Outbreaks of gastroenteritis due to norovirus in schools and summer camps. Catalonia, 2017-2019
Prospective study of outbreaks reported in Catalonia from January 2017 to December 2019 in schools and summer camps.
Steps to reproduce
Prospective study of outbreaks reported in Catalonia from January 2017 to December 2019 in schools and summer camps. The clustering of ≥ 2 cases of AGE in schools or summer camps in which norovirus was identified in clinical samples by real-time semiquantitative reverse transcription polymerase chain reaction (RTqPCR) was considered an outbreak. Feces were collected to identify norovirus genogroups I, II and IV by RTqPCR. Samples were analyzed at the Microbiology Laboratory, Vall d'Hebron Hospital.

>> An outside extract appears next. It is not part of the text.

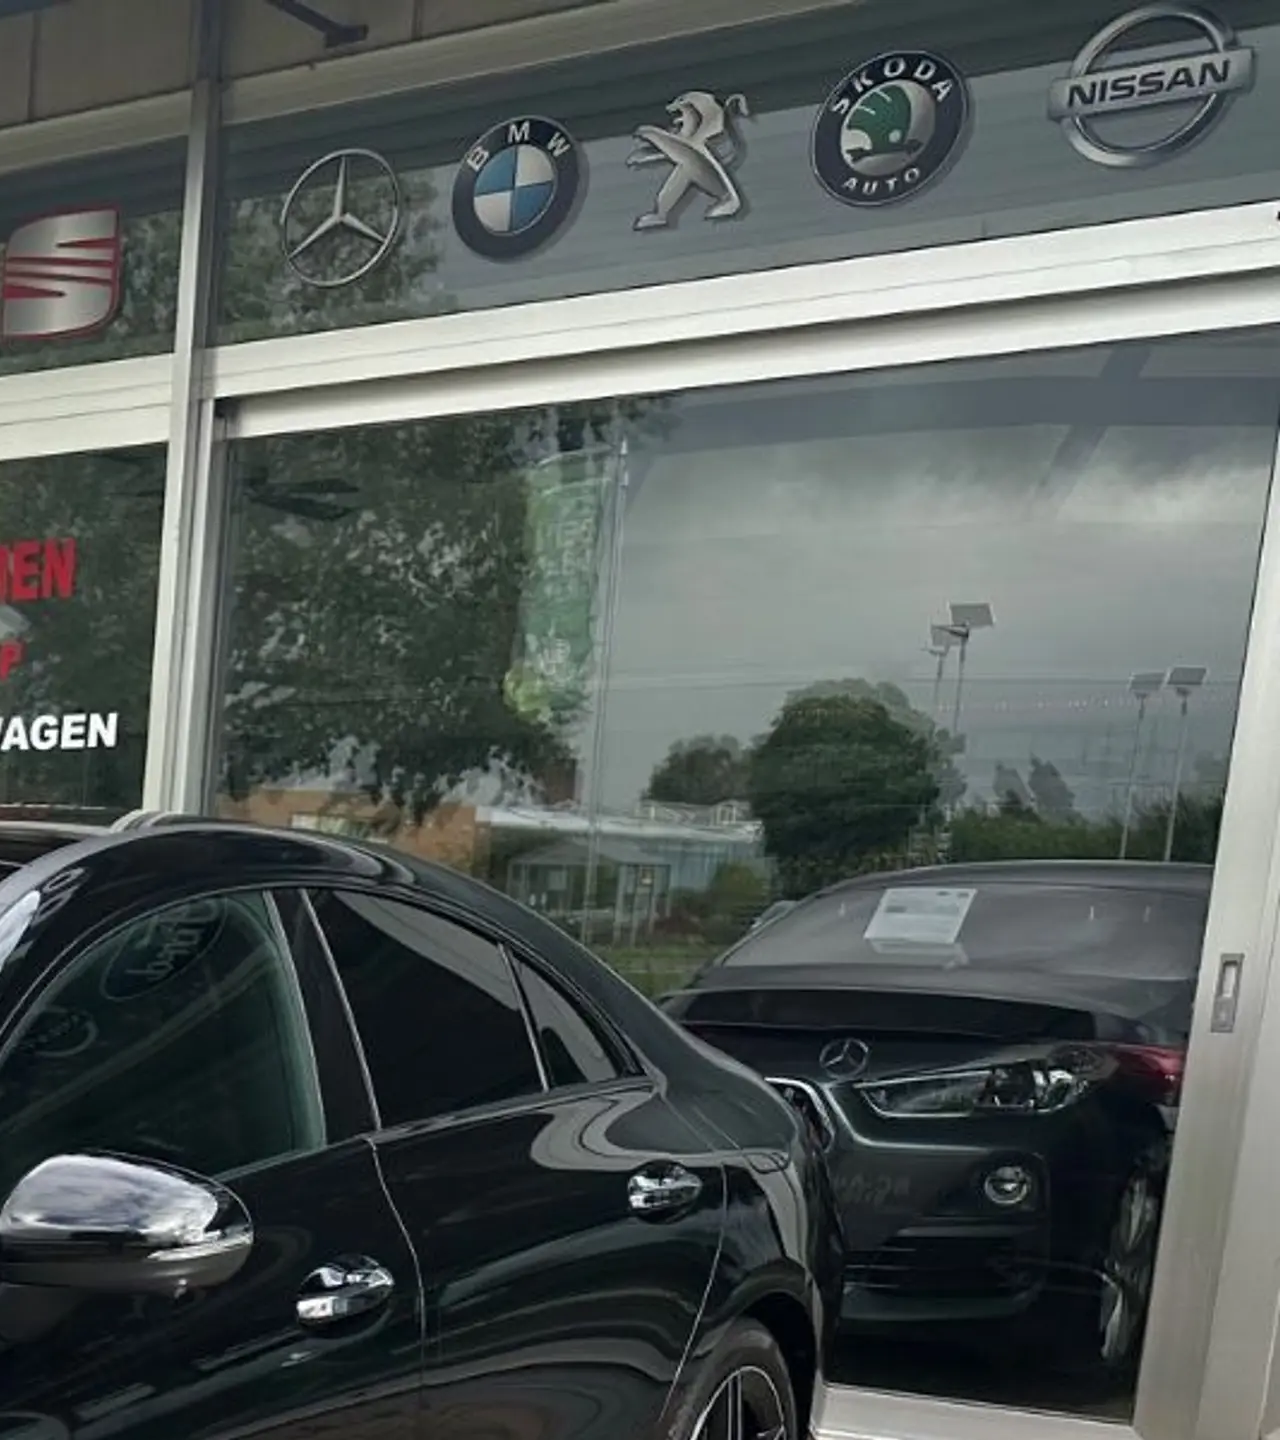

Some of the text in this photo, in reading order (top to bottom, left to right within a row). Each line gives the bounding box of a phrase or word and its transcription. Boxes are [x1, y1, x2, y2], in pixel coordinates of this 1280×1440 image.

The specific primers described by Kageyama et al. were used to detect norovirus GI and GII (15). A modification of the primer described by Farkas et al. (16) and Kageyama et al. (15) was used to detect norovirus GIV. For each outbreak, the number of exposed and affected people, the type of transmission (person-to-person or by common vehicle), the date of onset and the end of the outbreak and the date when the Epidemiological Surveillance unit was notified were collected. Percentages were compared using a linear trend chi-square test. Attack rates (AR) were calculated considering the total number of affected and exposed persons in the outbreaks and according to the causal genogroup, the rate ratio (RR) and 95% confidence intervals (CI) globally and according to type of transmission. To study the associations between sex, age, type of center, delay in reporting and season and the risk of becoming ill, crude odds ratios (OR) and adjusted odds ratios (aOR) were estimated with their 95% CI. To estimate the aOR, multivariate analysis was performed by logistic regression, adjusting using the backward stepwise procedure with a cut-off point of <0.2. The correlation between the delay in reporting and the duration of the outbreak was estimated using Pearson's correlation coefficient and 95% CI. For studied the relation between the size of the affected group and the attack rate was used a model of logarithmic transformation both the dependent and independent variables (log-log model) and the correlation between the transformed variables was estimated using Pearson’s correlation coefficient and 95% IC.